Export Finance or Trade Finance

IEOM

Commonly used interchangeably, these terms do not exactly refer to the same thing. For businesses trading across borders, it's important to know the available financing options to support the purchase of goods and to mitigate the risks of producing goods for export.

Export Finance

Commonly used interchangeably, these terms do not exactly refer to the same thing. For businesses trading across borders, it's important to know the available financing options to support the purchase of goods and to mitigate the risks of producing goods for export.

What are export finance and trade finance?

Trade finance is financial support that helps companies to trade either domestically or internationally.

Export finance is finance that helps them sell goods and services overseas, typically by providing an advance or guaranteed payment.

Both export and trade finance can include other types of finance – in particular, asset-based finance techniques, such as factoring or invoice discounting can form a part of the finance agreement.

Export finance

When businesses export, they need to be sure they can afford to produce the goods and that they will be paid. Export finance helps mitigate risks, such as default or delayed payment.

Manufacturers who import raw materials face other challenges. Overseas suppliers want to be paid for materials before shipping, so the need arises for finance to fill the gap between importing the raw materials and the point at which the finished product is sold. That’s where export finance comes in.
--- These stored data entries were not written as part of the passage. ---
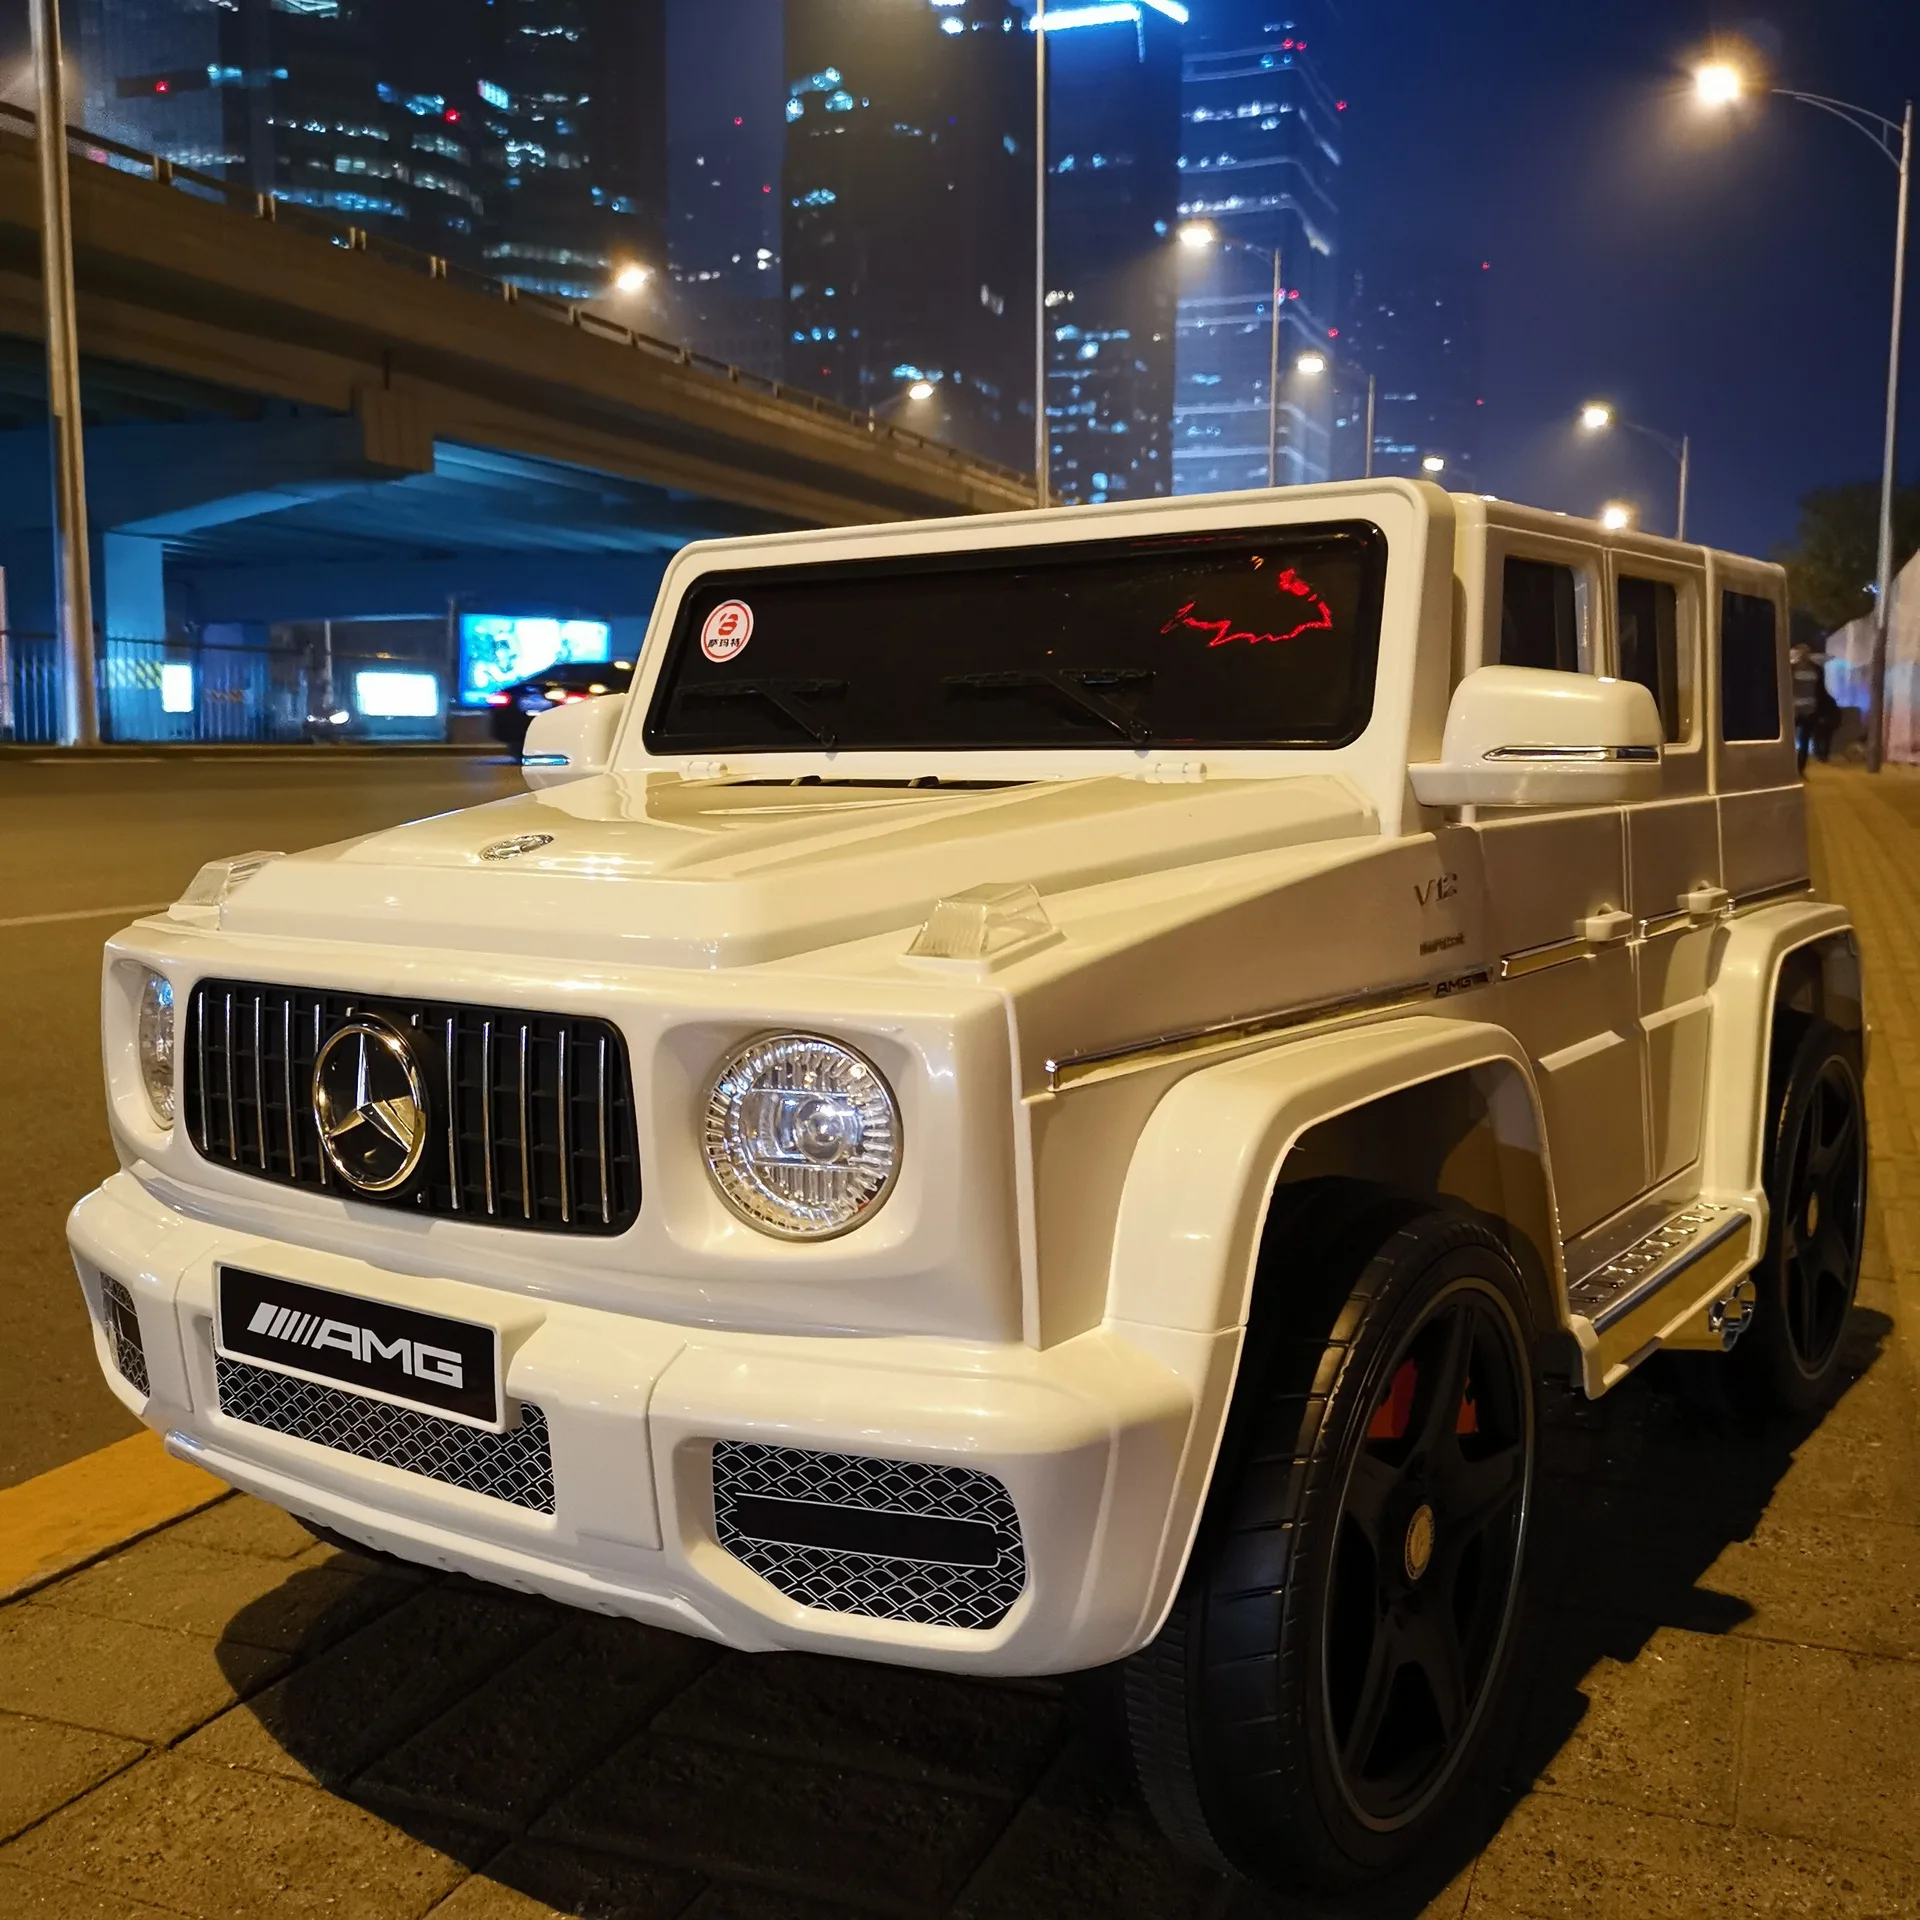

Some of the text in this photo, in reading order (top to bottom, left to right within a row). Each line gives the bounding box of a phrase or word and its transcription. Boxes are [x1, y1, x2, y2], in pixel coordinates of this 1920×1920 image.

[1413, 872, 1458, 906] V12
[1435, 976, 1473, 996] AMG
[311, 1318, 463, 1389] AMG
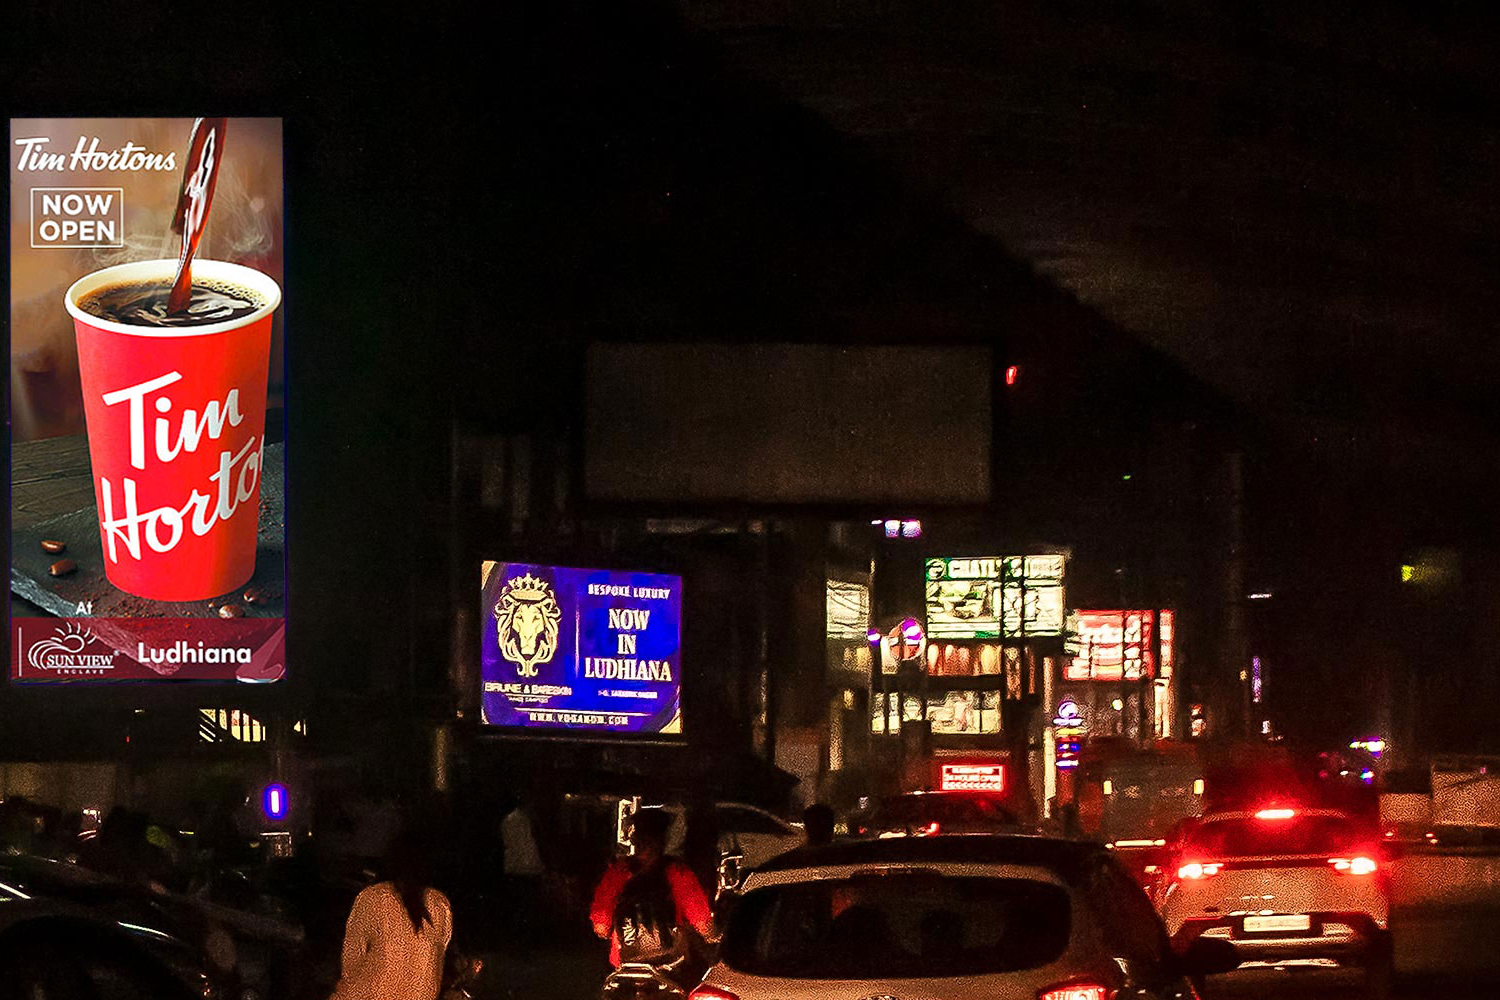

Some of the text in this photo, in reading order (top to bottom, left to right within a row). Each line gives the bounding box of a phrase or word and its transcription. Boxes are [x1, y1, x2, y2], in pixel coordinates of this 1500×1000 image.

[15, 135, 177, 172] Tim Hortons
[42, 194, 113, 216] NOW
[39, 220, 115, 241] OPEN
[102, 371, 244, 470] Tim
[101, 434, 265, 564] Horto
[588, 584, 670, 600] BESPOKE LUXURY
[76, 601, 92, 615] At
[608, 608, 650, 631] NOW
[138, 641, 252, 664] Ludhiana
[617, 634, 636, 654] IN
[47, 655, 114, 667] SUN VIEW
[584, 657, 672, 682] LUDHIANA
Export finance covers a wide range of tools, all used by banks, to manage the capital required to allow international trade to take place as easily and securely as possible.

Traditional export finance tools

Bonds and guarantees

If the seller fails to deliver the goods or services as described in the contract, the buyer can “call” the bond or guarantee and thereby receive financial compensation from the seller’s bank.

The types of bonds and guarantees include:

  • tender guarantees,
  • advance payment guarantees,
  • retention money guarantees,
  • performance guarantees, and
  • customs bonds.

Letters of credit

These are issued by a bank, guaranteeing that the buyer’s payment will be received on time and for the correct amount, assuming the goods (or services) have been supplied as agreed.

If the buyer is unable to pay any or the entire agreed amount, the bank will cover the shortfall.

The bank also acts on behalf of the buyer – the holder of the letter of credit – by ensuring that the supplier will not be paid until the goods have been shipped.

Trade finance

Funding that assists businesses in purchasing goods, whether from international or domestic sellers, is termed trade finance.

It is often transactional, with finance only being provided for specific shipments of goods and for specific periods of time.

Here the asset being funded against is the goods themselves (as opposed to invoices in invoice finance) and until repaid by the client, the goods belong to the finance provider.

The process is supported by letters of credit, bills of exchange, and bank guarantees.